The BM aspirate smears found marked dysplasia sing mainly in erythroid series with cytoplasmic vacuolation, with a median of vacuolated blast at diagnosis 24% (range 20 – 38%). Cytoplasmic vacuoles on blast had been described in other series and it seemed to be restricted to the cells with KMT2A amplification [10]. Patient 3 presented this vacuolization at the moment that KMT2A gene amplification appeared, this reinforces the close association.
In all patients, a cytogenetic study presented complex karyotypes and other chromosomal abnormalities commonly detected in complex karyotypes (del 5q, del 17p, del 7q) (4, 10). FISH analysis showed KMT2A gene amplification ranging from 4 to 14 copies. NGS panel was performed in two patients, case 2 showed T53 and DNMT3A mutation, and case 3 panel showed TP53 mutation.
Complex karyotype, losses affecting chromosomes 5 or/and 7, and TP53 deletions/mutations have been associated with KMT2A gene amplification in all previous series [4, 8–13]. Interestingly, patient 3 presented TP53 mutation seven months before the appearance of KMT2A amplification, this evolution has been described previously in three patients in another study [10]. This cytogenetic evolution suggests that mainly TP53 alteration may generate an instability genomic that predisposes to KMT2A amplification.
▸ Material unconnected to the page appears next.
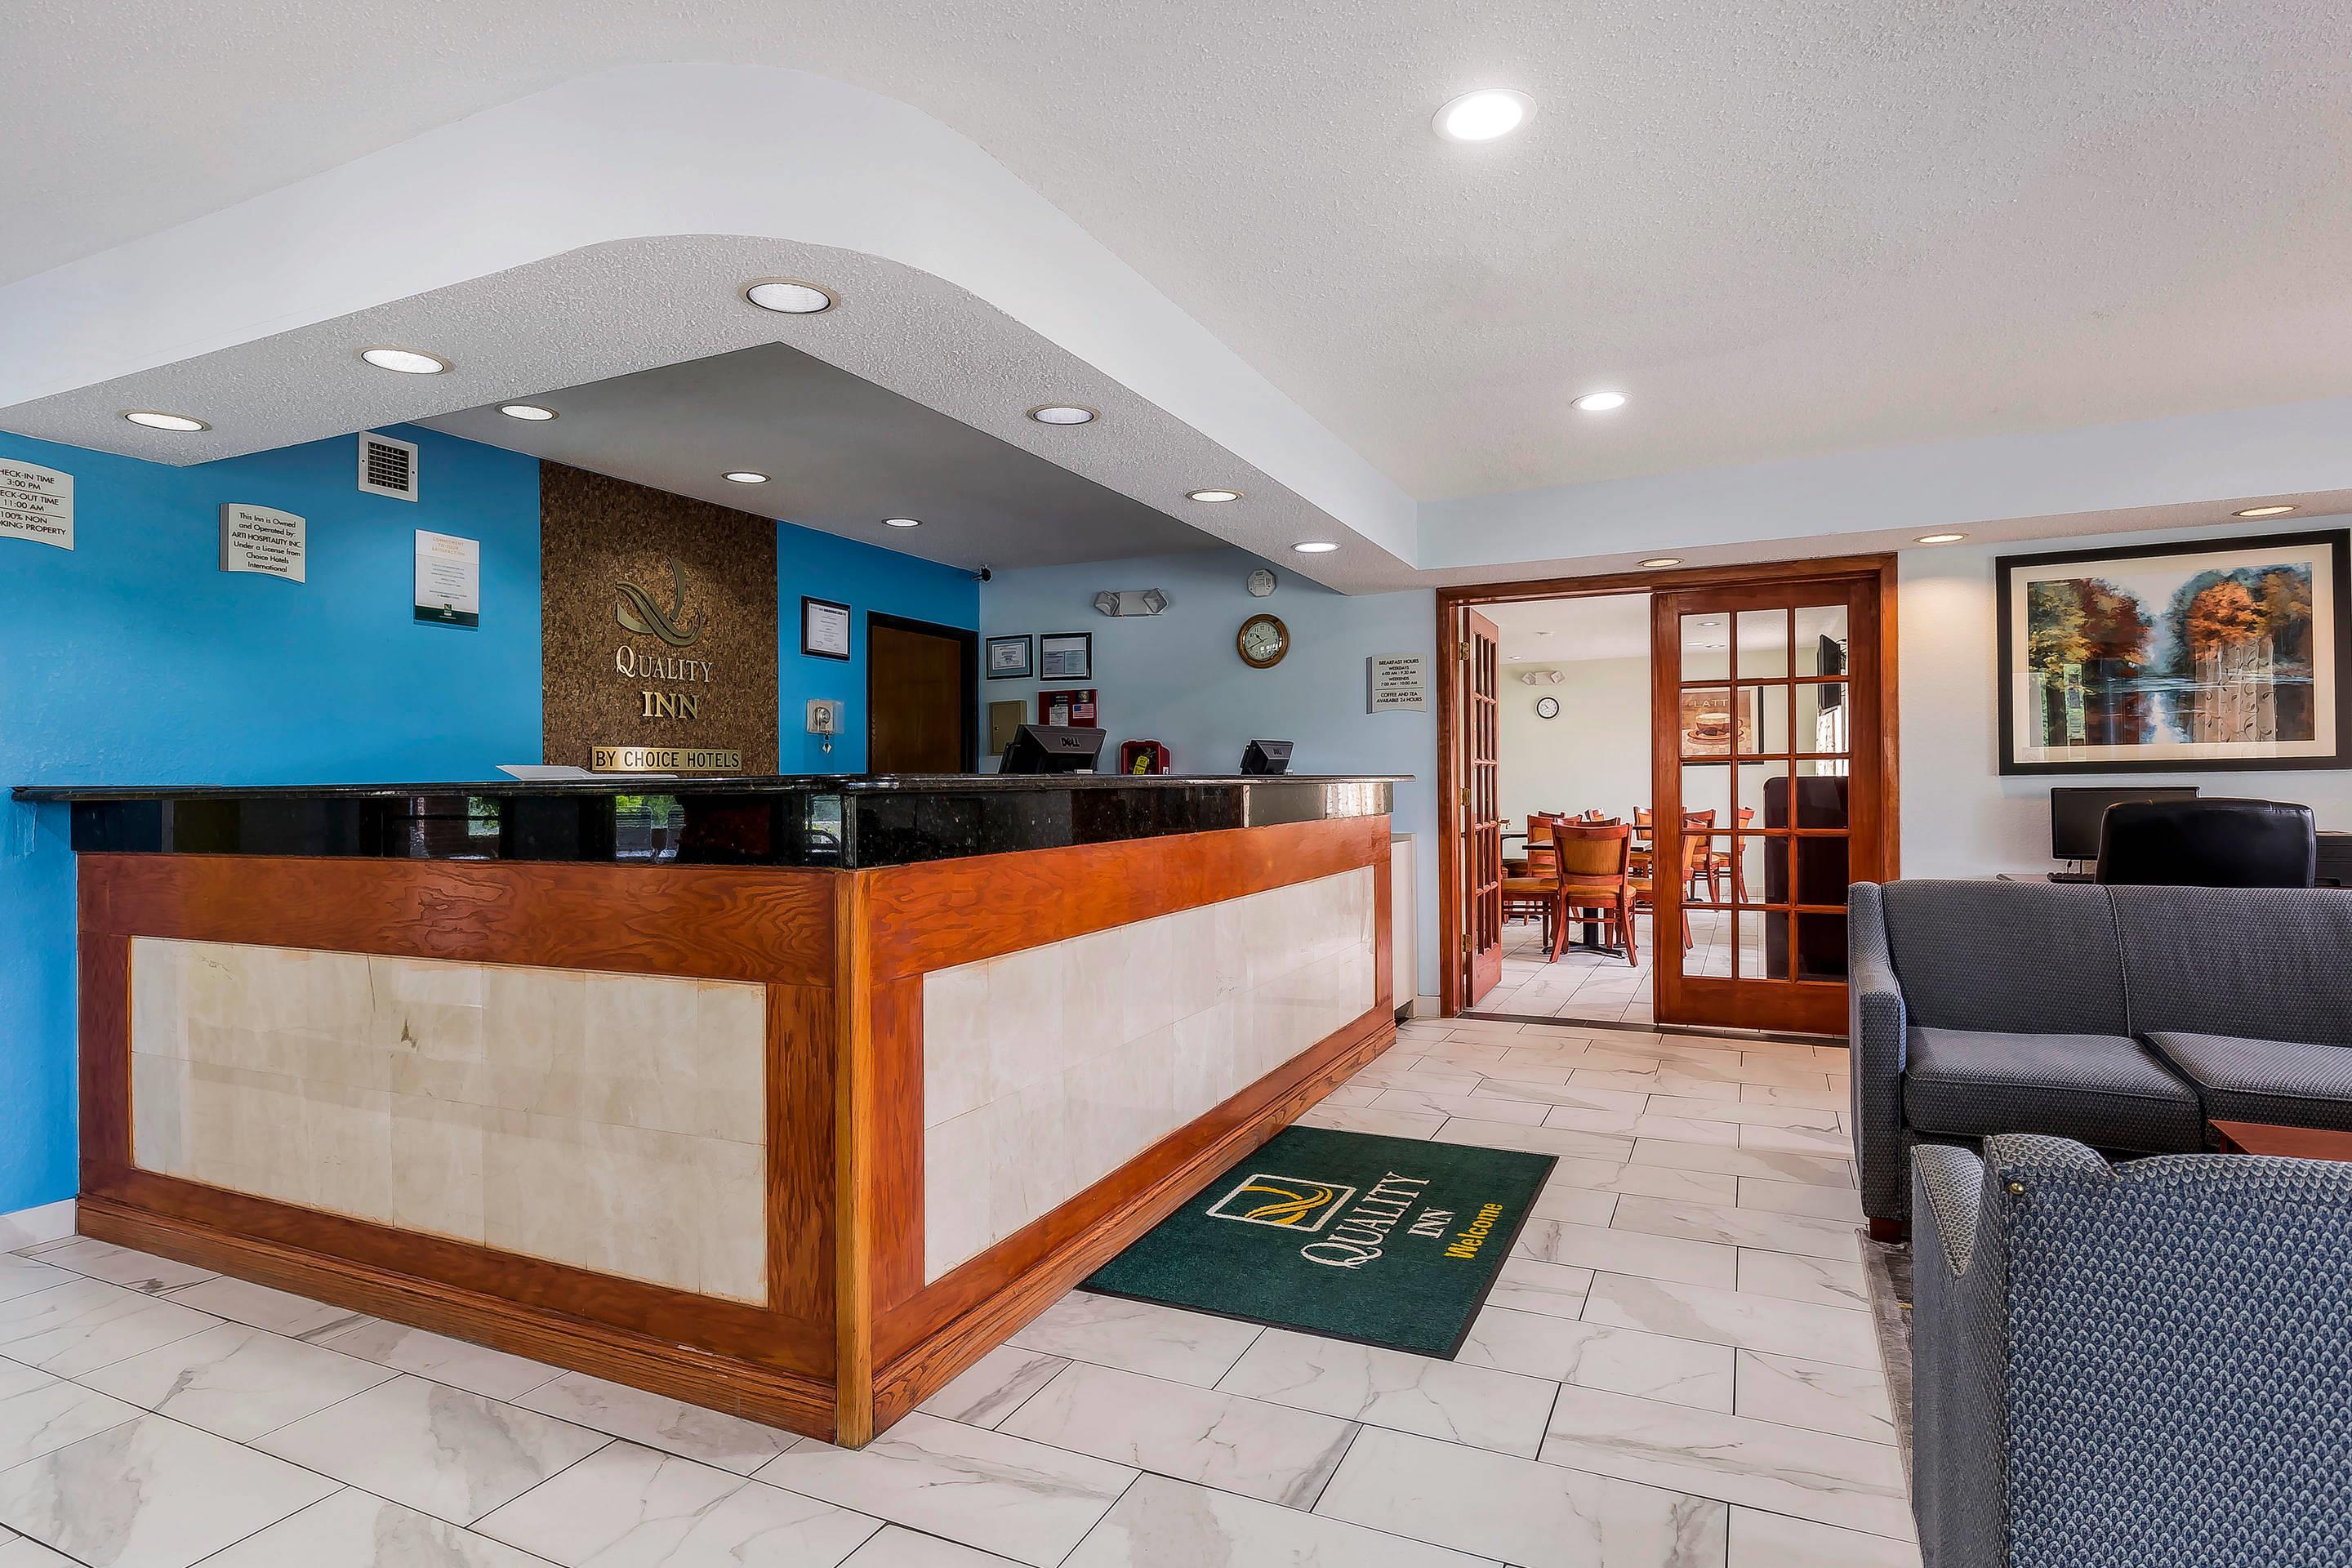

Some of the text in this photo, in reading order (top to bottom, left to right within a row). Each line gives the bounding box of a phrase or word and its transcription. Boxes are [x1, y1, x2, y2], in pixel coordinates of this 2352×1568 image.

Another fact of interest is the unbalanced translocation der(5;17)(p10;q10) found in two patients (case 2 and case 3) has not been before associated with KMT2A amplification. Published data suggest that this aberration results in deletions of chromosomes 5q and 17p and is postulated that TP53 is deleted as a result of the translocation der(5;17). [14].
TP53 gene has an important role in maintaining genomic stability and integrity, and mutational inactivation of TP53 has been shown to produce gene [10]. As far as we know, there is only 1 reported case in literature in which TP53 was unaltered [12].
In our series, all patients were refractory to treatment and died with a median survival of 74 days (range 42 days 6 months) after KMT2A amplification emerging, similar to that described in the literature with the median of survival around 1 month [4,6-13]. In one of the largest series, higher KMT2A copies were associated with shorter survival, but more studies are need to clarify if the number of copies plays a role in the poor prognosis [10].
Despite the common features previously described in all patients with KMT2A amplification, the poor prognosis in the majority of these patients is entirely consistent with cytogenetic characteristics, so it is difficult to establish whether KMT2A amplification is only an epiphenomenon of genetic instability or plays a role in leukemia progression.
In summary, KMT2A gene amplification in AML is associated with previous therapy, older age, and aggressive clinical course. KMT2A amplification is typically related to complex karyotype and deletion/mutation of TP53. Our results are consistent with those reported in other series.
Conflicts of interest: The authors declare no conflicts of interest.